Não, não se trata de falar a respeito do célebre quadro de Edvar Munch, mas como ele traduz a intensidade dos meus sentimentos a respeito da violência doméstica ou outras. Grita alto, muito alto e intensamente este sentimento de repulsa que congrega o aproveitamento do poder físico do homem sobre a debilidade física da mulher e dos filhos. Não custa ser leão entre ovelhas. É sempre o império da razão da força a sobrepor-se à força da razão. Quem usa do mais débil é um covarde.
Mas, por favor não limitem o mundo da violência, à violência doméstica, nem às sentenças do juiz Neto de Moura. O fenómeno de violência doméstica tem um cadastro atávico. Quase que foi cultura: “quanto mais me bates mais gosto de ti”!!! “entre marido e mulher não metas colher”.
Isto fez uma mentalidade. É preciso mudá-la. Sabemos que a mudança de mentalidades é como a água em pedra dura, mas, já que estamos em citações populares, vai mais uma: “água mole em pedra dura, tanto dá até que fura”. É preciso persistir com a gota. Há outra violência no mundo do emprego pela qual é preciso gritar bem alto: o emprego aos soluços.
Por vezes os patrões dão um ano de emprego e daí não passam porque o prolongamento até ao ano e meio já obriga justa causa para o despedimento. Ora se todo o despedimento fosse obrigatório justificar acabava-se com o emprego aos soluços. Se a violência doméstica desfaz muitas famílias, a lei que permite o emprego precário nem sequer as deixa nascer. Torna-se assim um aborto. Se isto não é uma violência doméstica, então o que é?
É uma habilidade sofística. Engana por palavras, aqueles que julgam que estão empregados; abala pela base o pilar mais forte da sociedade que é a família legalmente constituída por pai, mãe e filhos. Como podem casar dois jovens com emprego a seis ou doze meses? Temos todos de gritar contra esta violência laboral porque fomenta uma sociedade de velhos, e, deste jeito, rouba legalmente a natalidade.
A igreja que defende a vida, deve fazer evangelização neste domínio; deve fazer ouvir a sua voz contra este genocídio legal.
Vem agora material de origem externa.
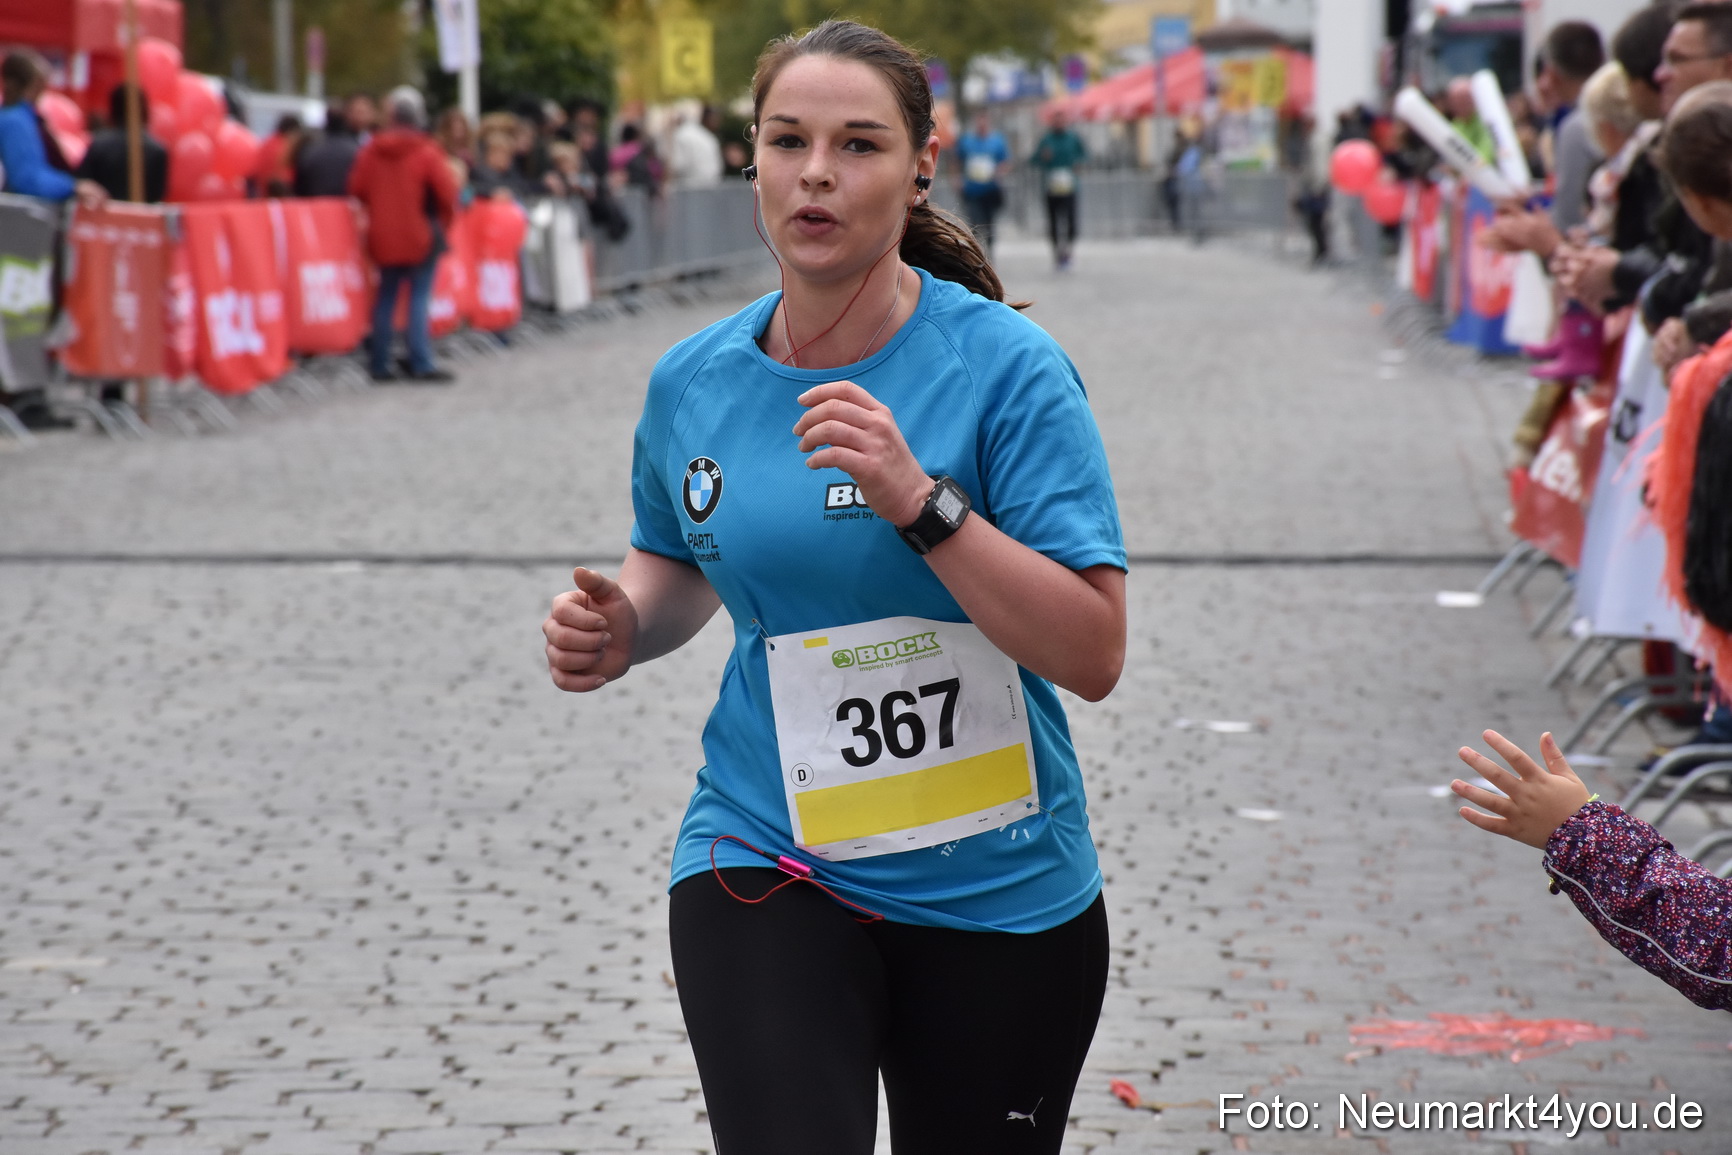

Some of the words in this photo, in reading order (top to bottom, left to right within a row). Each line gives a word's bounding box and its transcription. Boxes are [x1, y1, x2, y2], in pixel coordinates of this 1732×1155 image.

[686, 459, 721, 480] BMW
[823, 510, 860, 522] inspired
[862, 510, 874, 520] by
[687, 532, 719, 549] PARTL
[855, 632, 941, 665] BOCK
[859, 661, 884, 672] inspired
[895, 656, 914, 666] smart
[914, 649, 943, 661] concepts
[836, 677, 961, 767] 367
[797, 769, 807, 782] D
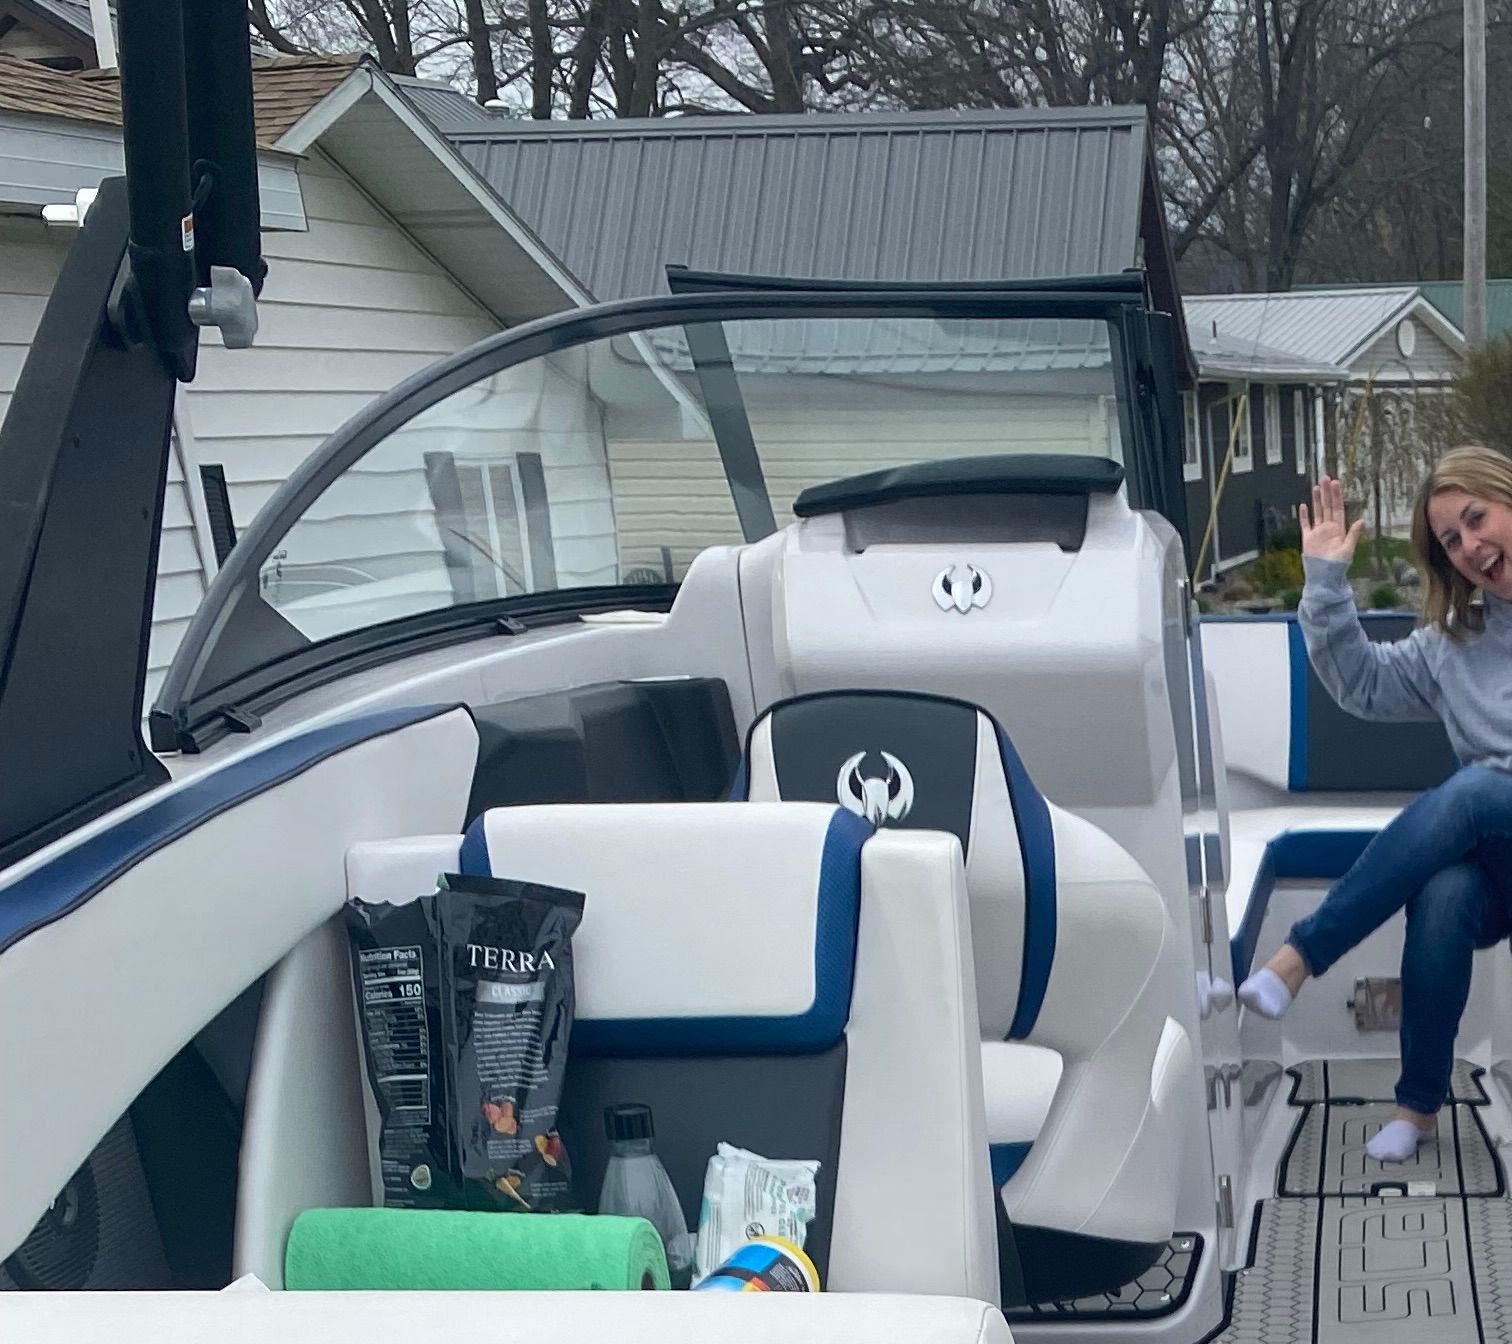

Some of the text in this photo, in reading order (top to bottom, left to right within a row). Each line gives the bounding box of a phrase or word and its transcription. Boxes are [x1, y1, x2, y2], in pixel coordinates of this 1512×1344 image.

[393, 949, 417, 960] Facts
[466, 944, 556, 973] TERRA
[398, 983, 422, 997] 150
Berra-se por aumento de ordenados, pela recuperação de tempo perdido, por melhores condições de trabalho, contra o não pagamento de horas extraordinárias e também berram contra a precariedade.
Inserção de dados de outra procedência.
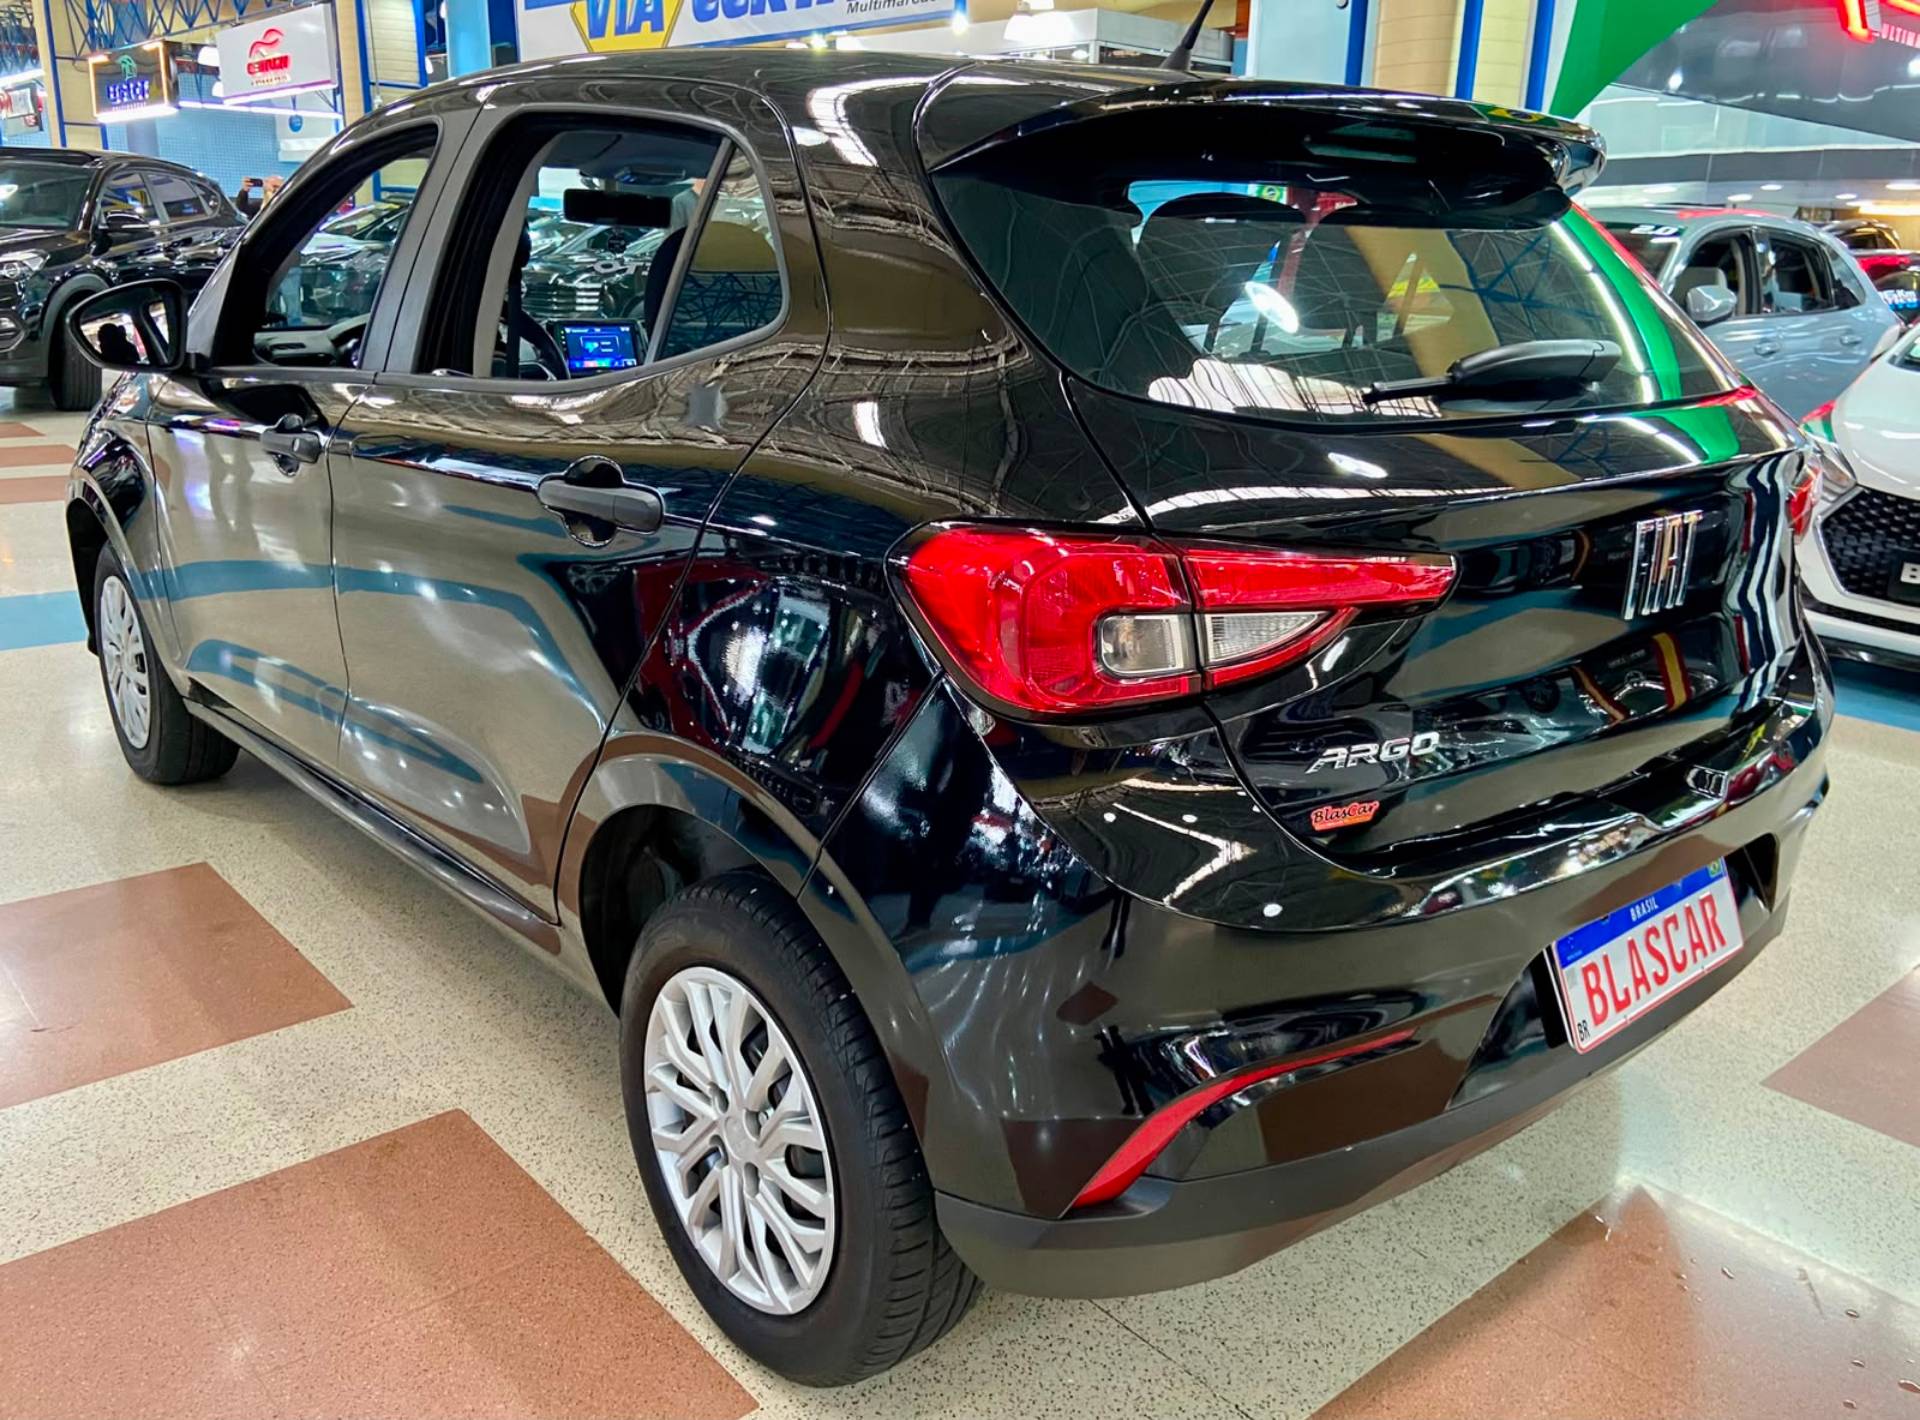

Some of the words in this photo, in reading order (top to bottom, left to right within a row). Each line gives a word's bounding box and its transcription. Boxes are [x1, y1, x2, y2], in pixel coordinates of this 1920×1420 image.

[587, 0, 664, 39] VIA
[1630, 224, 1679, 236] 2.0
[1624, 509, 1704, 620] FIAT
[1305, 731, 1440, 774] ARGO
[1313, 802, 1378, 824] BlasCar
[1630, 896, 1659, 922] BRASIL
[1581, 893, 1727, 1027] BLASCAR
[1577, 1019, 1590, 1042] BR
Mas é preciso gritar pela continuidade da raça portuguesa que ano a ano não consegue fazer a substituição geracional que tem como solução a procriação. Portugal envelhece e ninguém quer saber onde está o mal. Fingem ou fazem-se de fingidos?
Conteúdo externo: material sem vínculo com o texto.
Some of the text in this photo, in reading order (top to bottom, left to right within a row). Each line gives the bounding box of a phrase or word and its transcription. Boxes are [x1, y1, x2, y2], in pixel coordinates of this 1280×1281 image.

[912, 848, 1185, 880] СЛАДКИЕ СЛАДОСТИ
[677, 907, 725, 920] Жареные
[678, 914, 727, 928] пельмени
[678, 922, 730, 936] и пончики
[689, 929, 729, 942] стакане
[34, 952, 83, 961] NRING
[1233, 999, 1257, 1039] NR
A resposta é fácil: está no emprego a prazo. Como podem os jovens de hoje constituir um lar se não sabem como podem pagar a renda, a água, a luz, a alimentação, vestir e calçar?! Ter filhos para os ter à fome? Se os pais não têm futuro, que futuro podem ter os seus filhos? O fenómeno é de toda a sociedade, como se vai dizendo.
A sociedade é uma coisa abstrata, não tem rosto que se envergonhe, nem costas em que se possa bater. O que é real é que a falta de natalidade está na precariedade do emprego. O resto é conversa.
Por isso eu grito: não parem, por favor, de falar da violência entre portas, mas gritem contra a empregabilidade aos soluços.
Num estabelecimento privado, de saúde, de um dia para o outro, vi caras novas nos balcões de atendimento; perguntei pelos que lá estavam e responderam-me, foram dispensados. Foram despedidos porquê? Porque fizeram um ano de contrato!
Mas não desempenhavam bem as suas funções? Eram excelentes, mas tinham um ano de contrato, fora. Aqui, é assim!!!! Mas os que entraram de novo, vão ganhar menos do que os que foram chutados? Não, vamos ganhar o mesmo. Por isso eu grito.
Esperem um pouco mais: há ainda aqueles que se mantêm, há anos, a recibos verdes; coitados, nem sabem se são funcionários se “mulher a dias”, mas sabem que qualquer dia, um dia qualquer, o patrão lhes diz, acabou a “free lance>”, rua. Por isso eu grito.